* _RECORD SET_
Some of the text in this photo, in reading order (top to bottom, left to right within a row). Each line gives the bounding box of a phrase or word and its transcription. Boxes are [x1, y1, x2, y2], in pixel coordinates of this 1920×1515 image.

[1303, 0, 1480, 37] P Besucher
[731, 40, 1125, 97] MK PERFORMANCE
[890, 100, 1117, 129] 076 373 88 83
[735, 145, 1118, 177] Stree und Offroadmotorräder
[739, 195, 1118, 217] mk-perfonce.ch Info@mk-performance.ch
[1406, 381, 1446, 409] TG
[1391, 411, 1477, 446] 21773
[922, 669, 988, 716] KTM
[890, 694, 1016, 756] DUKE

* _ASSIGNMENT_
Once more, write down the full material exactly as it appears.

* _REPLY TO THE TASK_
Some of the text in this photo, in reading order (top to bottom, left to right within a row). Each line gives the bounding box of a phrase or word and its transcription. Boxes are [x1, y1, x2, y2], in pixel coordinates of this 1920×1515 image.

[1303, 0, 1480, 37] P Besucher
[731, 40, 1125, 97] MK PERFORMANCE
[890, 100, 1117, 129] 076 373 88 83
[735, 145, 1118, 177] Stree und Offroadmotorräder
[739, 195, 1118, 217] mk-perfonce.ch Info@mk-performance.ch
[1406, 381, 1446, 409] TG
[1391, 411, 1477, 446] 21773
[922, 669, 988, 716] KTM
[890, 694, 1016, 756] DUKE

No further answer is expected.